Pero vamos a la pregunta: ¿qué son los gyros? Una de las comidas callejeras más famosas de Grecia, un poco parienta del souvlaki, el döner kebab y hasta el shawarma. Es carne, preferentemente de cerdo, cocida en un asador vertical giratorio (como los tacos al pastor) que luego se corta en láminas y se sirve envuelta o rellena en pan pita, junto con otros ingredientes como tomate, cebolla, papas fritas y tzatziki.
El nombre no tiene misterio: se llaman gyros por la palabra griega gyra, que —como habrán adivinado— significa “girar”, solo que se pronuncia “yíros”. Acá también se sazona la carne previamente, se apila en el pincho vertical hasta formar un cono enorme, y para servirlo se corta en pequeñas láminas, resultando en una carne crocante por fuera y más jugosa por dentro, un manjar. La mezcla de esa carne bien sabrosa dentro del pan pita, con los vegetales frescos, las papas fritas que también van adentro del pan, y la salsa de yogur, les puedo asegurar que es deliciosa, un golpe al paladar.
A diferencia de su primo el souvlaki, que viene de la antigüedad, el gyros medio que es una versión del döner kebab surgido en el Imperio Otomano en el siglo XIX, y que luego de la Segunda Guerra Mundial llega por inmigración turca a Grecia —aunque hay otras versiones que dicen que llegó en la década del 20 a través de inmigrantes refugiados. En cualquier caso, el origen sería más o menos el mismo.
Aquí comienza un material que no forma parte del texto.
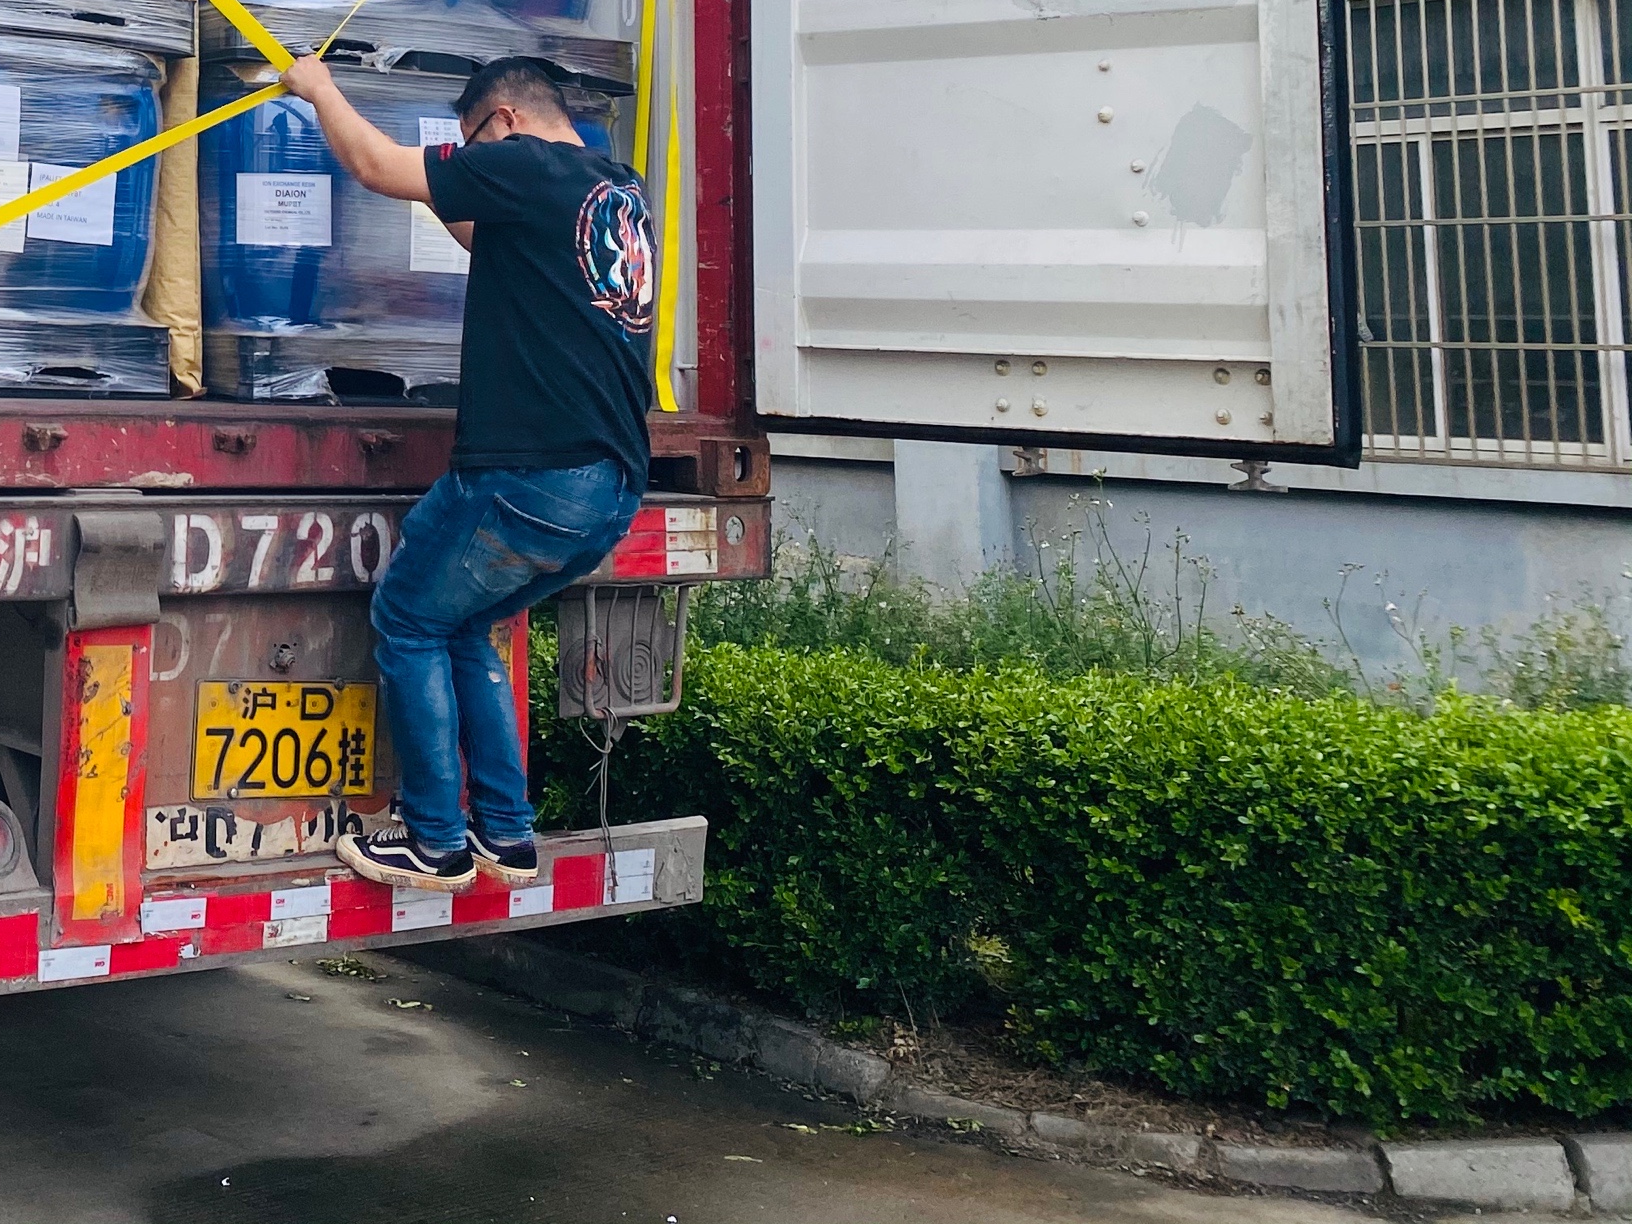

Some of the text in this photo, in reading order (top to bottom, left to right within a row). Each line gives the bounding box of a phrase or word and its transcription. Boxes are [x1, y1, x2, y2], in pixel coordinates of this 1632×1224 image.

[275, 189, 307, 198] DIAION
[36, 212, 54, 220] MADE
[63, 214, 88, 224] TAIWAN
[205, 727, 366, 791] 7206挂
Así como el souvlaki se puede pedir dentro de un pan, cosa que no mencioné más arriba, los gyros pueden pedirse sin pan, pero la verdad que comerlo dentro del pita con las manos le suma muchísimo a la experiencia.
La cervesidra
Brindis con sidra — Foto de Giovanna Gomes en Unsplash
Estábamos en Londres y a la noche, en el hostel, había olimpíadas de cerveza. Como no nos anotamos para participar, decidimos que al menos íbamos a acompañar desde el costado tomando nuestras propias cervezas. Así que nos fuimos al supermercado en busca de un buen pack, pero no queríamos gastar mucho dinero, por lo que, mirando y mirando, dimos con un paquete de varias botellitas a muy buen precio. Tan buen precio era que a la noche, cuando destapamos la primera, resultó que habíamos comprado sidra. Doce botellas de sidra que procedimos a dejar de regalo en el hostel, porque la verdad que nadie tenía ganas de tomarlas —quizás sigan ahí como atracción. Lo curioso es que después, mirando bien el paquete y las botellas, decía “cider” por todos lados. Así se vieron truncados nuestros sueños olímpicos y cerveceros.
El pan francés
Pan francés — Foto de Francesco Querente en Pexels
Este es solamente un párrafo de apreciación a todos los panificados que comimos en París. Desde la baguette que nos servían en el desayuno del hotel hasta cualquier tipo de pan que hayamos comprado en cualquier lugar de París —y no solo de esa primera visita, sino de las otras veces que fuimos—, todos, absolutamente todos y sin excepción, eran riquísimos. No sé si es la harina, no sé realmente qué es, pero estaban deliciosos.